EXTRACTED INFORMATION →

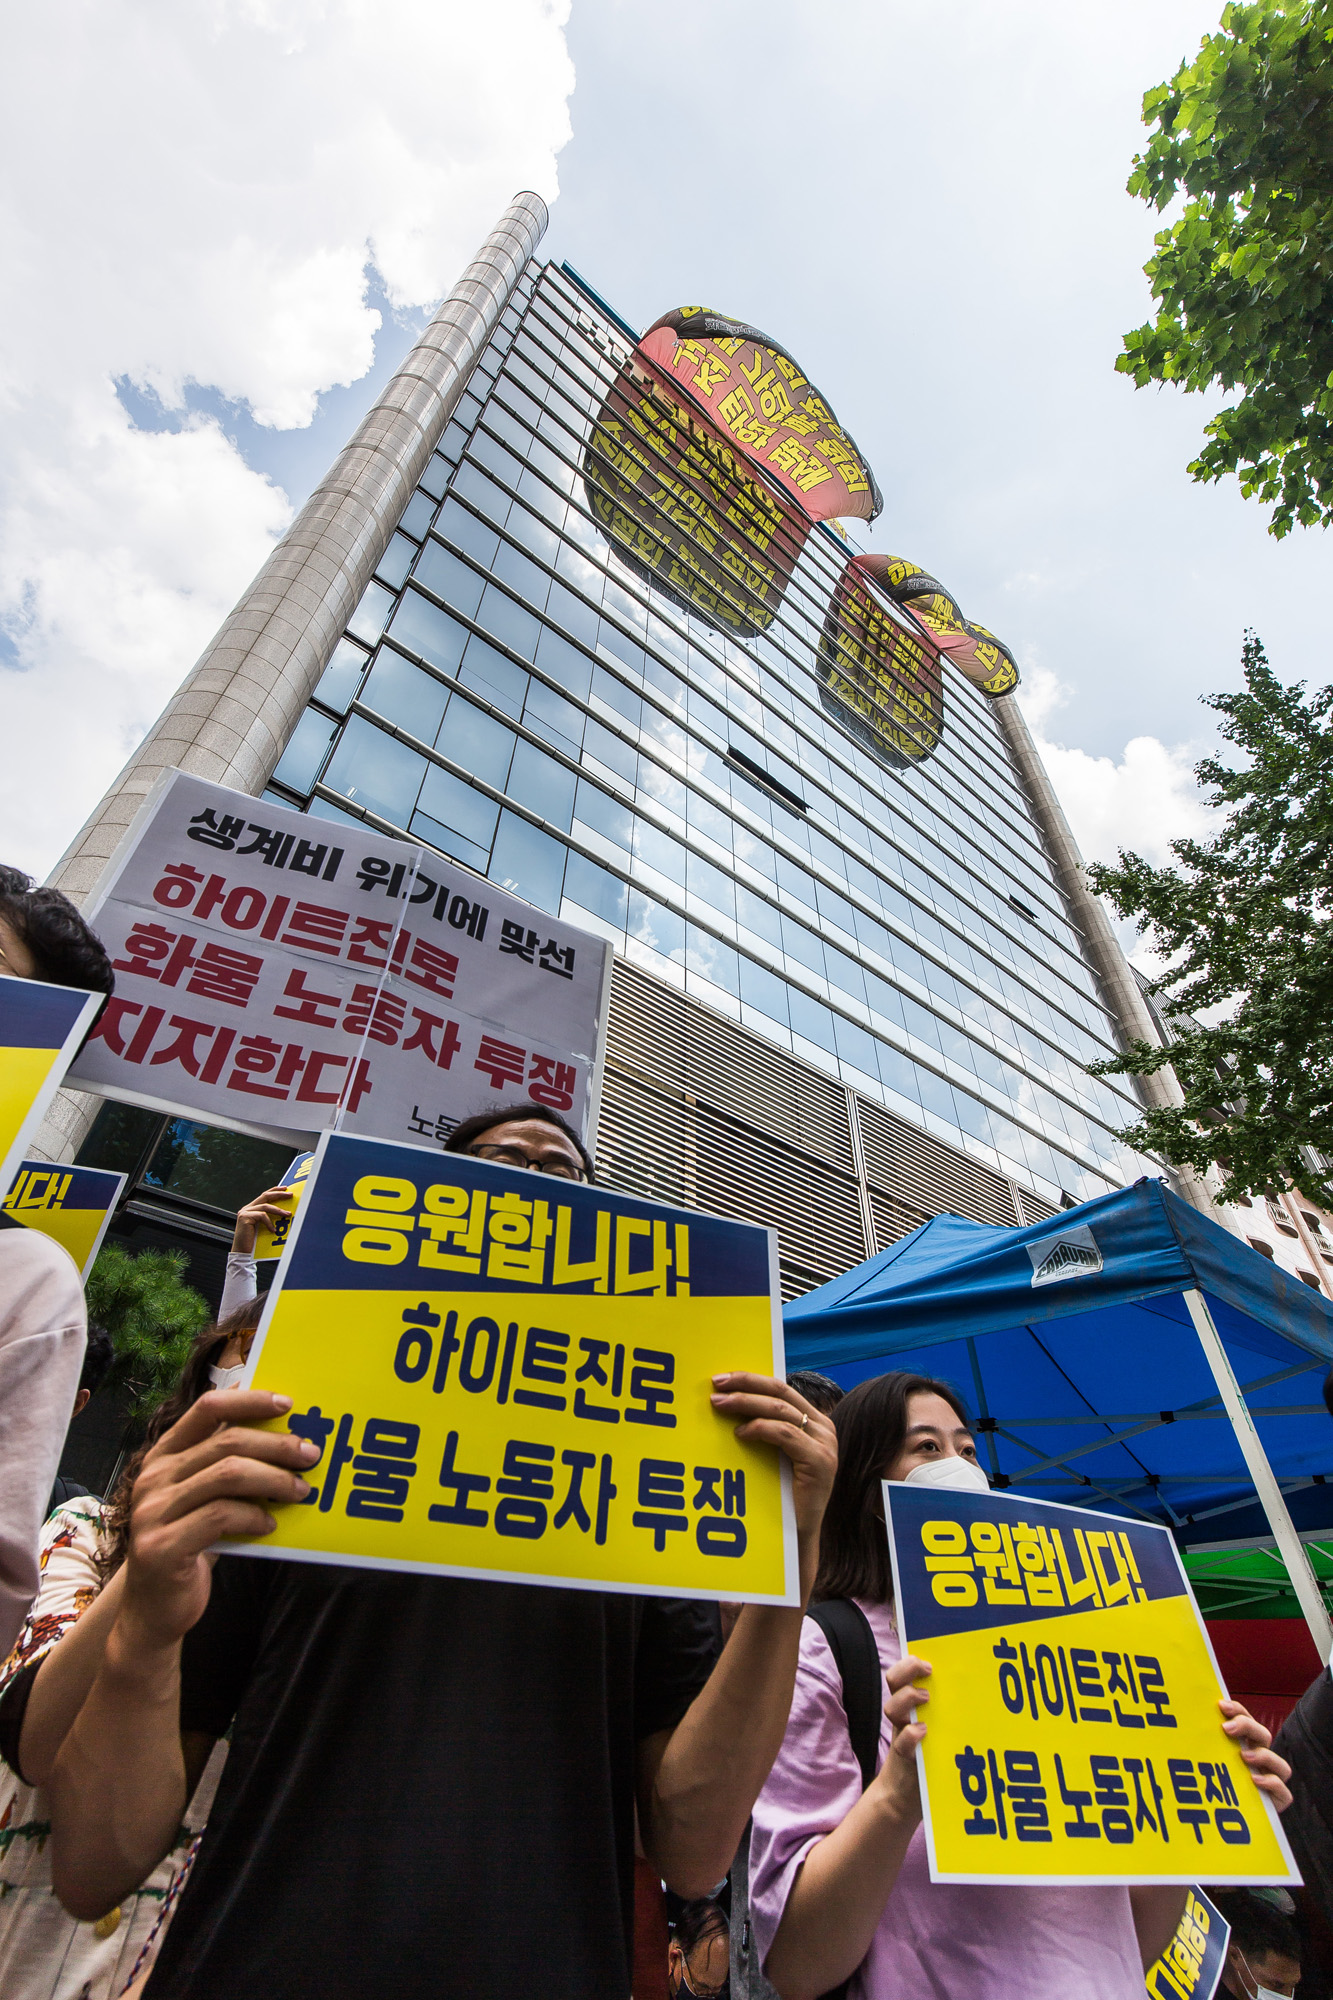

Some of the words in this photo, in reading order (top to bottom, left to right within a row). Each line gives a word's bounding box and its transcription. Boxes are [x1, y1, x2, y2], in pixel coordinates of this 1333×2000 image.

[151, 862, 460, 999] 하이트진로
[186, 807, 345, 882] 생계비
[356, 856, 490, 942] 위기에
[498, 918, 577, 981] 맞선
[90, 997, 373, 1114] 지지한다
[112, 922, 264, 1007] 화물
[273, 969, 461, 1070] 노동자
[473, 1034, 577, 1111] 투쟁
[342, 1175, 691, 1297] 응원합니다!
[1036, 1244, 1099, 1278] CARAVAN
[393, 1301, 678, 1428] 하이트진로
[287, 1405, 421, 1523] 화물
[427, 1430, 618, 1546] 노동자
[632, 1457, 748, 1559] 투쟁
[920, 1520, 1150, 1608] 응원합니다!
[992, 1636, 1178, 1729] 하이트진로
[954, 1745, 1053, 1842] 화물
[1053, 1752, 1170, 1844] 노동자
[1167, 1758, 1251, 1845] 투쟁

GOAL OF THE EXERCISE →
Your copy of the entries must be exact and must not include any of their pictures.

ANSWER FOR THIS EXERCISE →
Some of the words in this photo, in reading order (top to bottom, left to right within a row). Each line gives a word's bounding box and its transcription. Boxes are [x1, y1, x2, y2], in pixel coordinates of this 1333×2000 image.

[151, 862, 460, 999] 하이트진로
[186, 807, 345, 882] 생계비
[356, 856, 490, 942] 위기에
[498, 918, 577, 981] 맞선
[90, 997, 373, 1114] 지지한다
[112, 922, 264, 1007] 화물
[273, 969, 461, 1070] 노동자
[473, 1034, 577, 1111] 투쟁
[342, 1175, 691, 1297] 응원합니다!
[1036, 1244, 1099, 1278] CARAVAN
[393, 1301, 678, 1428] 하이트진로
[287, 1405, 421, 1523] 화물
[427, 1430, 618, 1546] 노동자
[632, 1457, 748, 1559] 투쟁
[920, 1520, 1150, 1608] 응원합니다!
[992, 1636, 1178, 1729] 하이트진로
[954, 1745, 1053, 1842] 화물
[1053, 1752, 1170, 1844] 노동자
[1167, 1758, 1251, 1845] 투쟁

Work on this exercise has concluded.